Telling the British public the lie that the police evidence had already cleared her was an astonishing and incredibly risky move. Why did she do it? And why did she do it so soon after the dogs had been deployed? It only makes sense if Kate McCann could already feel the PJ's fingers on her collar - that even though they hadn't told her the results of the dog searches, the end was probably approaching.
What would the PJ make of her actions when they found out? She dismissed the question: they'd already started to show their hand so the pose as innocent victim was no longer sustainable - let them think what they want: if the dogs really had found firm evidence of death in the apartment then she was finished anyway. The UK, on the other hand, was where her support against the Portuguese police had always been: it was there that belief in her innocence had to be maintained for future use, whatever the local risk.
In this, her analysis proved to be far-sighted and accurate. The threat from the UK police was harder to assess amid the conflicting signals she was getting but in the end it was a chance she was prepared to take. She can hardly be blamed for not foreseeing that the case files would be released to the public to publicly demonstrate some of her lies, nor could she have imagined that seven years on Scotland Yard would, in the most creepy and unnerving fashion, issue public statements specifically dismantling them.
So she took the risk. She and Campbell constructed the story together before sending it on to the Mirror’s London offices.
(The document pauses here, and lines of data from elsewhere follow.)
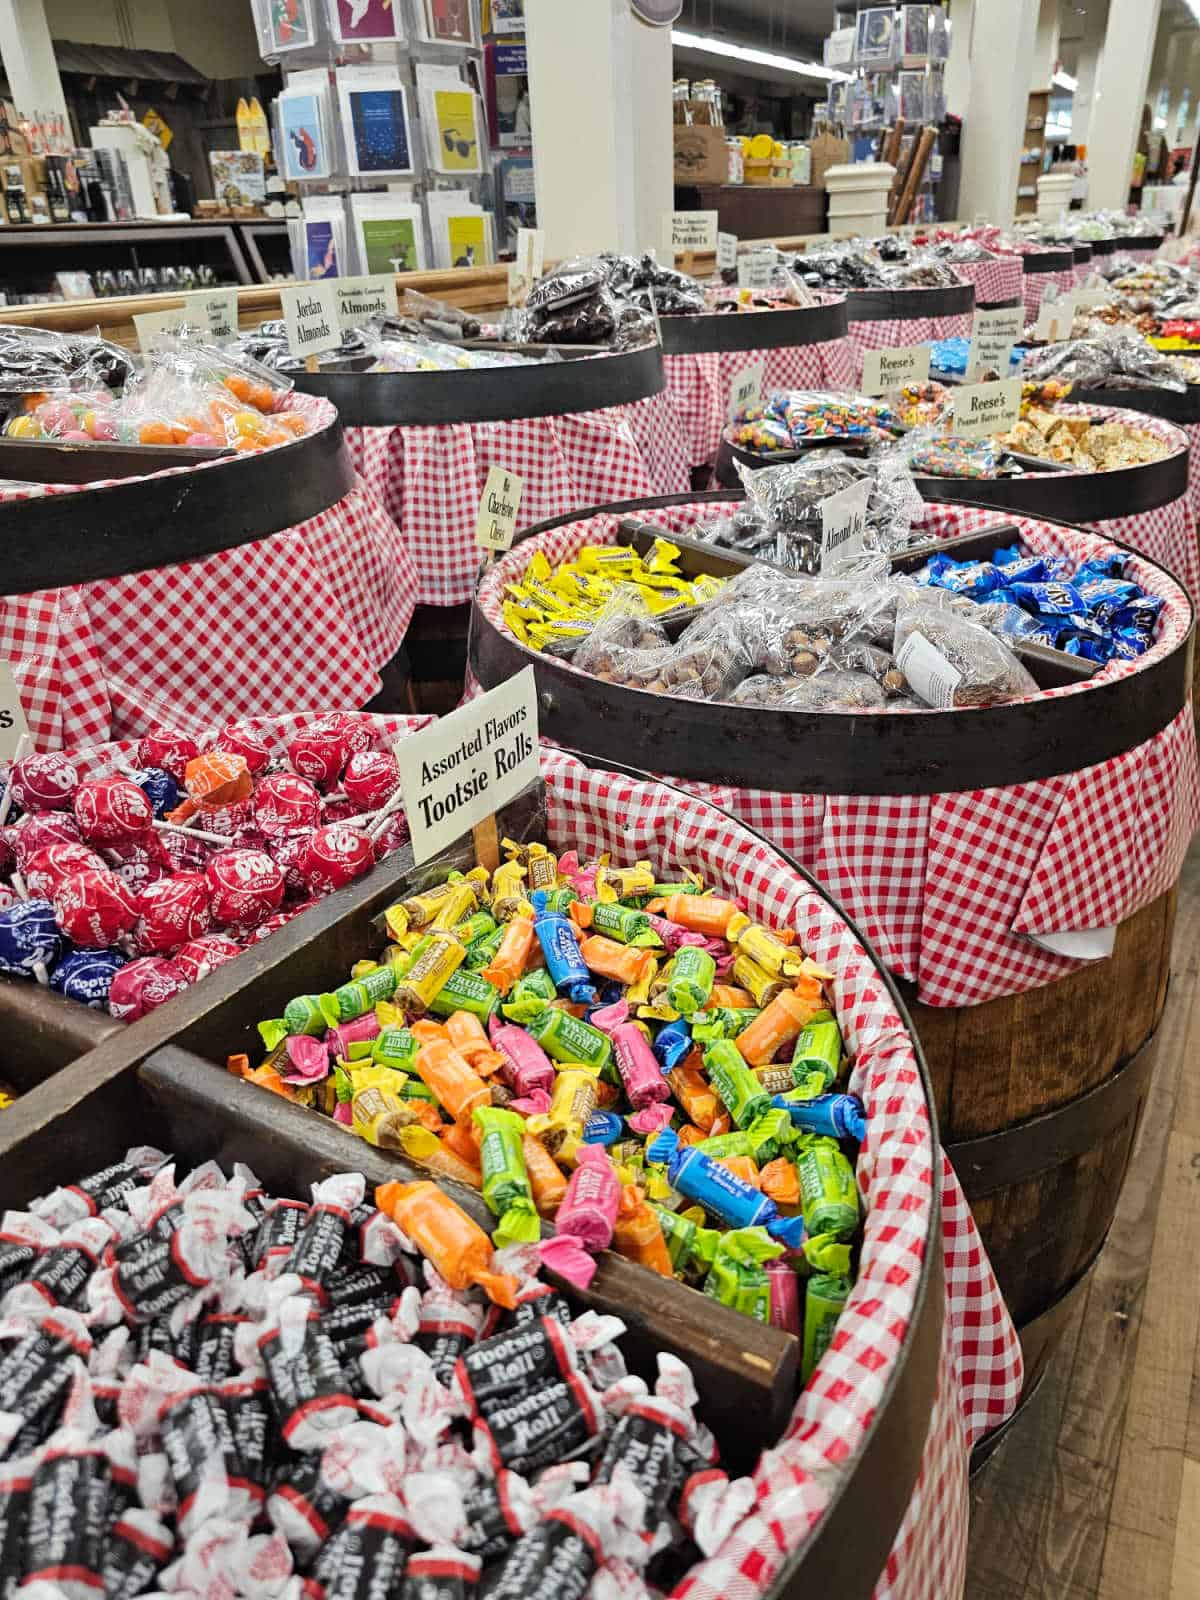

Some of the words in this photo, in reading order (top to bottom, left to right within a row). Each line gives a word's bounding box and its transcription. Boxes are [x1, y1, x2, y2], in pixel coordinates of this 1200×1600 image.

[297, 297, 322, 318] Jordan
[341, 298, 386, 314] Almonds
[297, 320, 330, 344] Almonds
[879, 355, 915, 369] Reese's
[971, 394, 1006, 411] Reese's
[826, 521, 851, 552] Almond
[421, 728, 482, 787] Assorted
[485, 705, 527, 747] Flavors
[418, 767, 489, 829] Tootsie
[494, 732, 533, 780] Rolls
[235, 854, 275, 881] POP
[567, 1026, 597, 1053] FRUIT
[763, 1070, 792, 1082] FRU
[763, 1080, 792, 1092] CHE
[277, 1208, 299, 1244] Tootsie
[297, 1214, 335, 1274] Tootsie
[321, 1233, 344, 1273] Roll
[40, 1249, 81, 1286] Tootsie
[60, 1265, 87, 1295] Roll
[133, 1264, 164, 1291] Roll
[466, 1331, 544, 1370] Tootsie
[489, 1351, 536, 1385] Roll
[489, 1382, 568, 1429] Tootsie
[513, 1405, 561, 1449] Roll
[624, 1439, 650, 1471] Ro
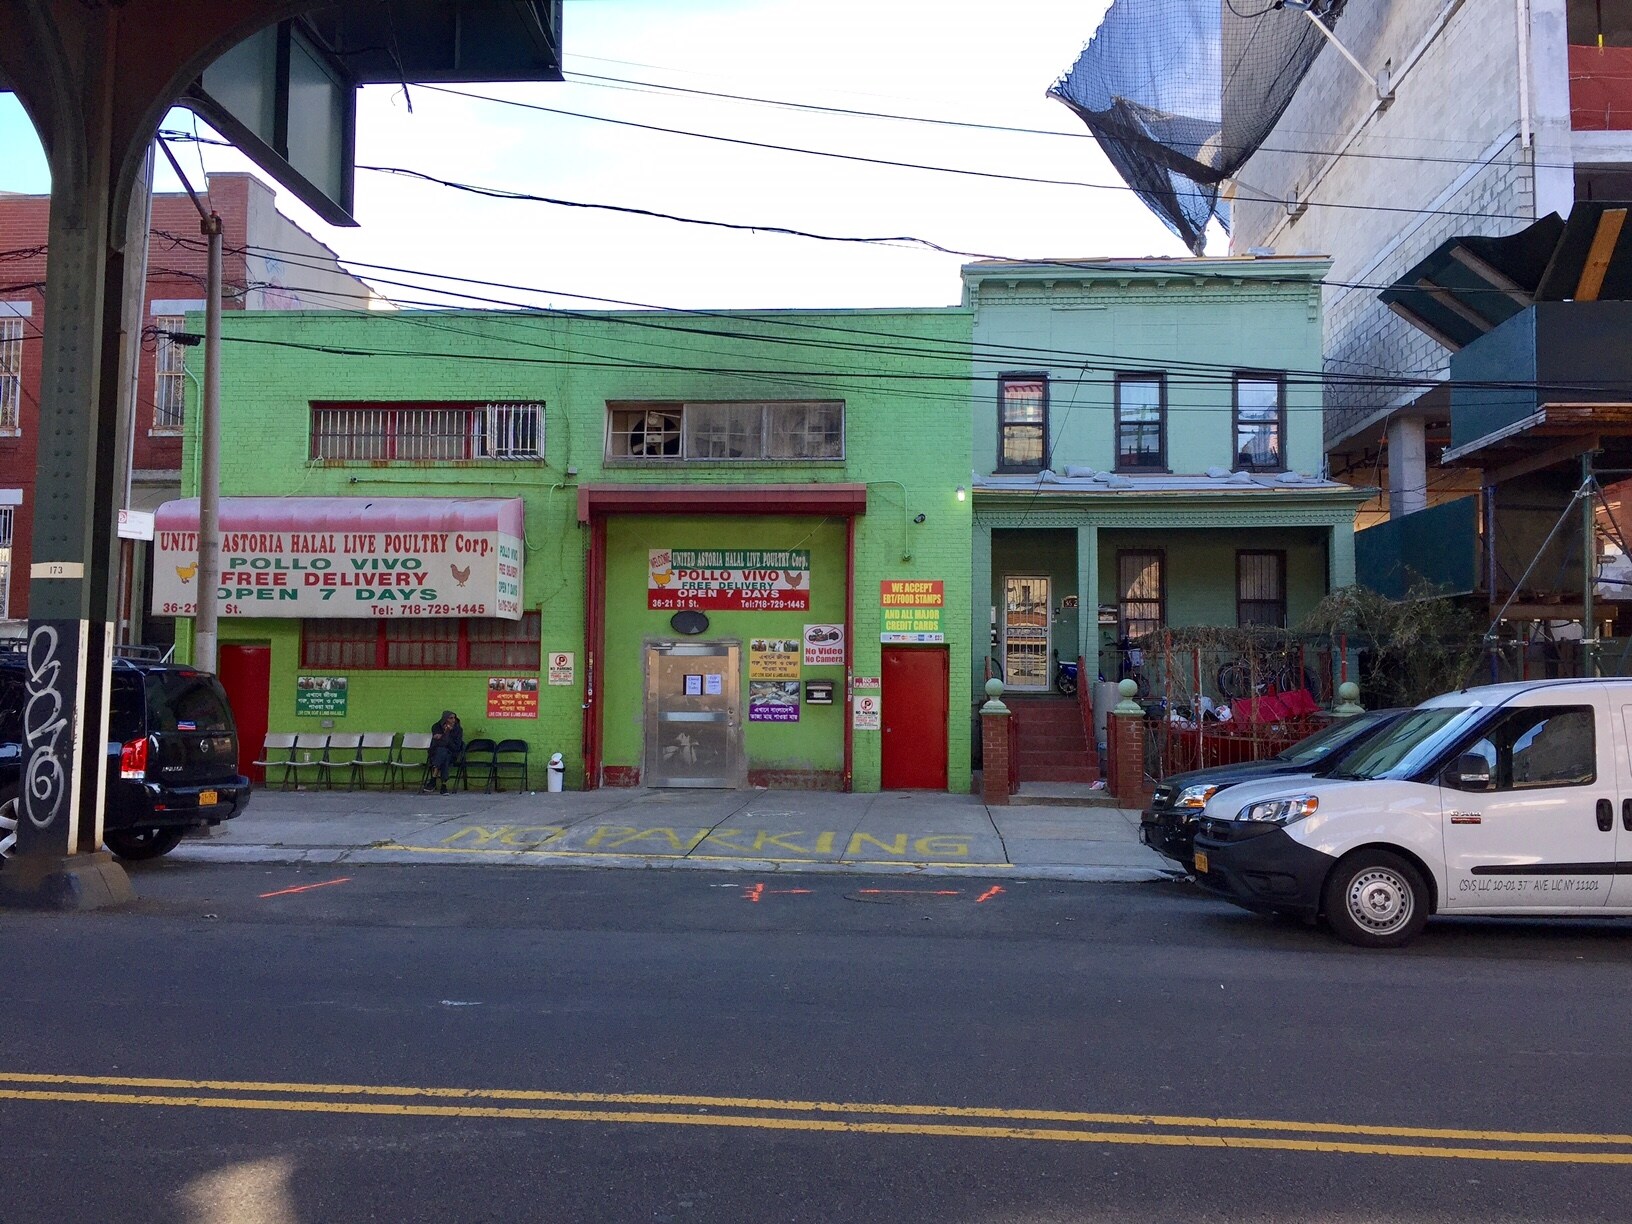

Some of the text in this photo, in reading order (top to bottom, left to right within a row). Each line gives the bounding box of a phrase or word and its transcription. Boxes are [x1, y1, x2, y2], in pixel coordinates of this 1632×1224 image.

[160, 532, 494, 557] UNIT ASTORIA HALAL LIVE POULTRY Corp.
[229, 557, 422, 570] POLLO VIVO
[672, 551, 809, 570] UNITED ASTORIA HALAL LIVE POULTRY Corp.
[49, 566, 63, 574] 173
[677, 569, 780, 582] POLLO VIVO
[220, 572, 429, 586] FREE DELIVERY
[681, 581, 774, 590] FREE DELIVERY
[891, 583, 933, 593] WE ACCEPT
[217, 587, 438, 601] OPEN 7 DAYS
[677, 589, 780, 598] OPEN 7 DAYS
[882, 594, 942, 604] EBT/FOOD STAMPS
[162, 603, 242, 615] 36-21 St.
[652, 599, 700, 608] 36-21 31 St.
[371, 605, 394, 616] Tel:
[400, 604, 486, 615] 718-729-1445
[884, 609, 940, 620] AND ALL MAJOR
[885, 620, 939, 631] CREDIT CARDS
[805, 647, 843, 655] No Video
[805, 655, 843, 663] No Camera
[441, 824, 974, 857] NO PARKING
[1478, 879, 1492, 891] LLC
[1493, 880, 1516, 891] 10-01
[1534, 879, 1549, 891] AVE
[1564, 879, 1575, 891] NY
[1575, 880, 1600, 891] 11101
It stated as official fact:
- Police had specific evidence from the apartment that the child was still alive when she left
- Madeleine was kidnapped, as the toy she had fallen asleep with was left on a ledge placed too high for a child to reach proved
- There was a window of less than five minutes for a kidnapper to pounce - not enough time to kill her and clean up
- Police did not believe blood found in the apartment was Madeleine's as it was not consistent with signs of a struggle
- The McCanns had been told in a secret meeting with police within days of May 4 that the child was alive when she left the apartment
The Mirror then invented “a police source” to disguise the fact that the source of this stuff was Kate McCann herself. The supposed police source was quoted as saying:
"Although there has been much speculation about a 'lost hour' in which Madeleine could have been taken...the kidnapping must have been meticulously planned. Police found no fingerprints or DNA on the Cuddle Cat or in the room, indicating the intruder wore gloves.”
In return for printing this stuff the Mirror, of course, was able to print the “nasty rumours” about the pair’s possible culpability without any objections from the couple themselves.
To disguise your sources is one thing. For a historic national newspaper with a proud tradition to do so by deliberately inventing a police source and putting fictitious claims in its mouth about an important crime is something else - a deception and a betrayal of readership trust from which a paper can rarely, if ever, recover.
Criminal deception usually catches up with you in the end, whether you are a newspaper or a pair of pathological liars. Campbell's dodgy journalist partner Ross Hall passed her record of Kate McCann's claims on to the News of the World, which is now dead. As the Mirror drifts helplessly towards the rocks of insolvency or takeover so the couple face their own consequences. What do you think that the British and Portuguese re-investigations have made of this? Taken the Dizzy Izzy Duarte line and said that’s just old out of date stuff?
And what does Kate think they think? Perhaps the famous "voodoo doll" picture of a hair-sprouting Kate McCann on Crimewatch tells us. Of the five claims above two - cuddle cat and the "secret meeting" - were exposed as non-existent by the release of the case files and the other three were publicly,specifically and ruthlessly excluded in 2013/14 by Operation Grange. Gosh, you'd almost think the Yard were tracking her claims and dismantling them step by step, wouldn't you?